Sea la que quiera la validez legal que los sostenedores del principio de la ley sálica pretendan dar al auto acordado, no habiendo tenido éste otro fundamento que la voluntad del monarca, ni lógica ni moralmente será posible atribuirle mayor legalidad, ni más fuerza en derecho, que la que los partidarios del infante don Carlos han querido denegar al uso hecho por Carlos IV y Fernando VII de su propia autoridad á efecto de restablecer la antigua legislación del reino, aboliendo en su consecuencia el precepto de la ley sálica.

Convocada en 1789 por el primero de los antedichos monarcas la corporación ó junta que conservaba el nombre de Cortes, y aunque llamada para el solo y exclusivo objeto de proceder á la jura del príncipe de Asturias, que lo era el mismo que después reinó bajo el nombre de Fernando VII, quiso el rey su padre proceder á la revisión de lo hecho por su abuelo No gozaba por entonces el príncipe de Asturias de la mejor salud, y no teniendo á la sazón Carlos IV otro hijo varón, quiso asegurar la corona á la infanta doña María Amalia y á las demás hijas que pudiese haber, en vez de estar sujeto á lo que con arreglo á la ley sálica disponía el auto acordado, bajo cuyas prescripciones habría tenido la corona que pasar á los hermanos ó sobrinos del monarca reinante.

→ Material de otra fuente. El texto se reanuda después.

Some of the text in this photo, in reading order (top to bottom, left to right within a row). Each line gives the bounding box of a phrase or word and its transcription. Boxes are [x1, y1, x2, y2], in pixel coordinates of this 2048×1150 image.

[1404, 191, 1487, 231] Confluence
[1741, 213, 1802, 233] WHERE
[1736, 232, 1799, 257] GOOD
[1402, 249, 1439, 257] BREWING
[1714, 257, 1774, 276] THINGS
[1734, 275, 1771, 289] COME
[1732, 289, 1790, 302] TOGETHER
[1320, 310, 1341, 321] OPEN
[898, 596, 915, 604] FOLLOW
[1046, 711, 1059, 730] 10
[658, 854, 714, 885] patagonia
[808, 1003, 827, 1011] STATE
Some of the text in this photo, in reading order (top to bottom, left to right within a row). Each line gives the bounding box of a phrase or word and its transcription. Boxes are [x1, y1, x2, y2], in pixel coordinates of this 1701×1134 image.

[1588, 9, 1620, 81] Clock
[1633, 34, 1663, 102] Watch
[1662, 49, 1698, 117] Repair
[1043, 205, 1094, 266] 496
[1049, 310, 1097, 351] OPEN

Según los usos todavía vigentes, aquellas modestas Cortes se reunieron en el palacio morada del rey, quien se dignó asistir á su apertura el día 19 de febrero de 1789. El 23 del mismo fué jurado Fernando como príncipe de Asturias y el día 30 el conde de Campomanes, que presidía la reunión, hacía leer por el notario mayor de los reinos, delegado por el rey para dar testimonio de la resolución de las Cortes, la propuesta de dirigir

á S. M. una petición que, precedida de un corto preámbulo expositivo de sus fundamentos históricos, se hallaba concebida en los siguientes términos:

«Señor:

>>La ley dos, título 5.o, partida 2, declara lo que se ha observado de tiempo inmemorial y lo que debe observarse en la sucesión del reino, habiendo demostrado la experiencia la grande utilidad que ha resultado, supuesto que produjo la reunión de Castilla y de León y de la corona de Aragón por el orden de sucesibilidad señalada en dicha ley, pues lo contrario siempre ha producido guerras y grandes trastornos.

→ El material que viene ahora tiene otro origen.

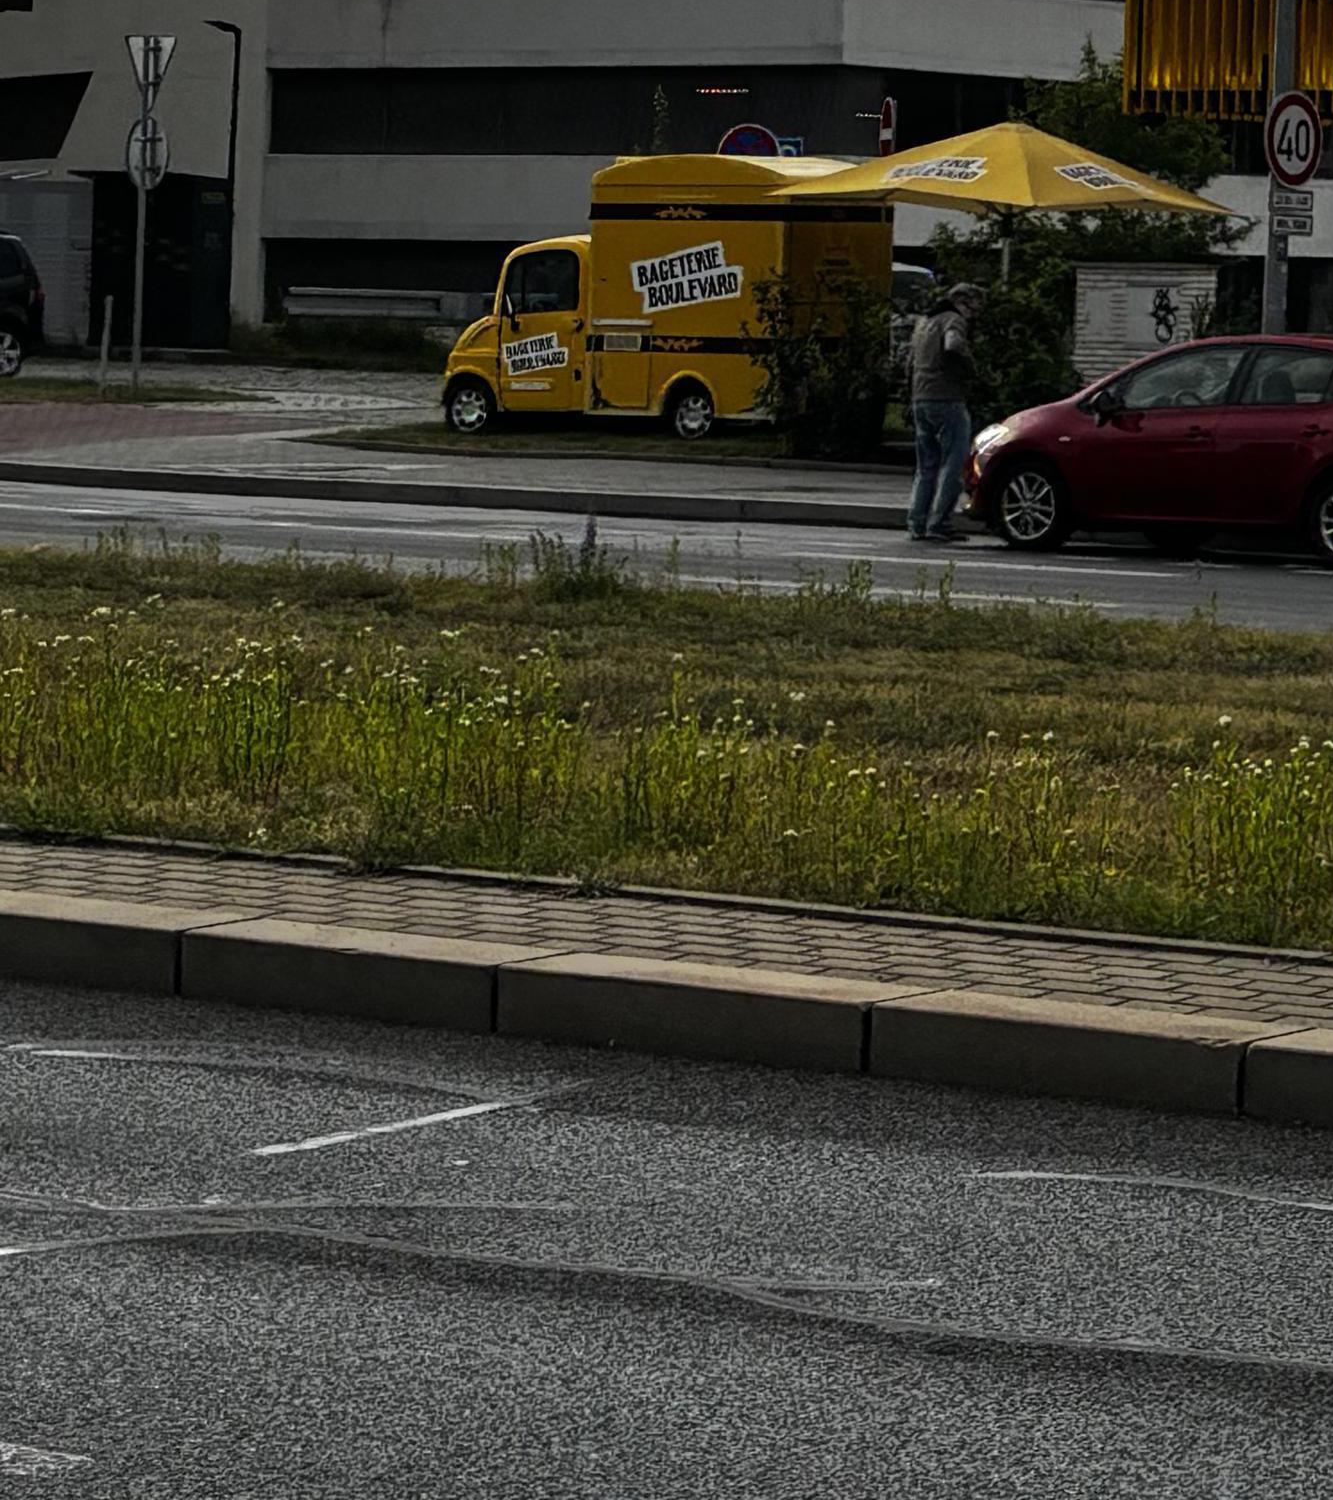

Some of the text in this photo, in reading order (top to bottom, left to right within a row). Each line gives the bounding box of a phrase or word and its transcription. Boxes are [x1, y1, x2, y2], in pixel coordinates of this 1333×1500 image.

[1277, 119, 1310, 161] 40
[637, 246, 722, 287] BAGETERIE
[647, 272, 738, 308] BOULEVARD

>> Por todas estas consideraciones suplican las Cortes á S. M. que á pesar de la innovación hecha por el auto acordado 5.o, título 7.o, libro V, ordene S. M. que se observe y cumpla perpetuamente en la sucesión de la monarquía la costumbre inmemorial consignada en dicha ley dos, título 5.o, partida 2, como lo ha sido en todo tiempo observada y guardada y como juraron los reyes vuestros predecesores; y que S. M. mande que se publique como ley y pragmática hecha y formada en Cortes, á fin de que conste esta resolución, así como la derogación de dicho auto acordado.>>

Aprobada sin discusión esta propuesta y presentada que fué la petición al rey por su ministro el conde de Floridablanca, expidióse un real decreto por el que se mandó extender la pragmática sanción de costumbre en semejante caso.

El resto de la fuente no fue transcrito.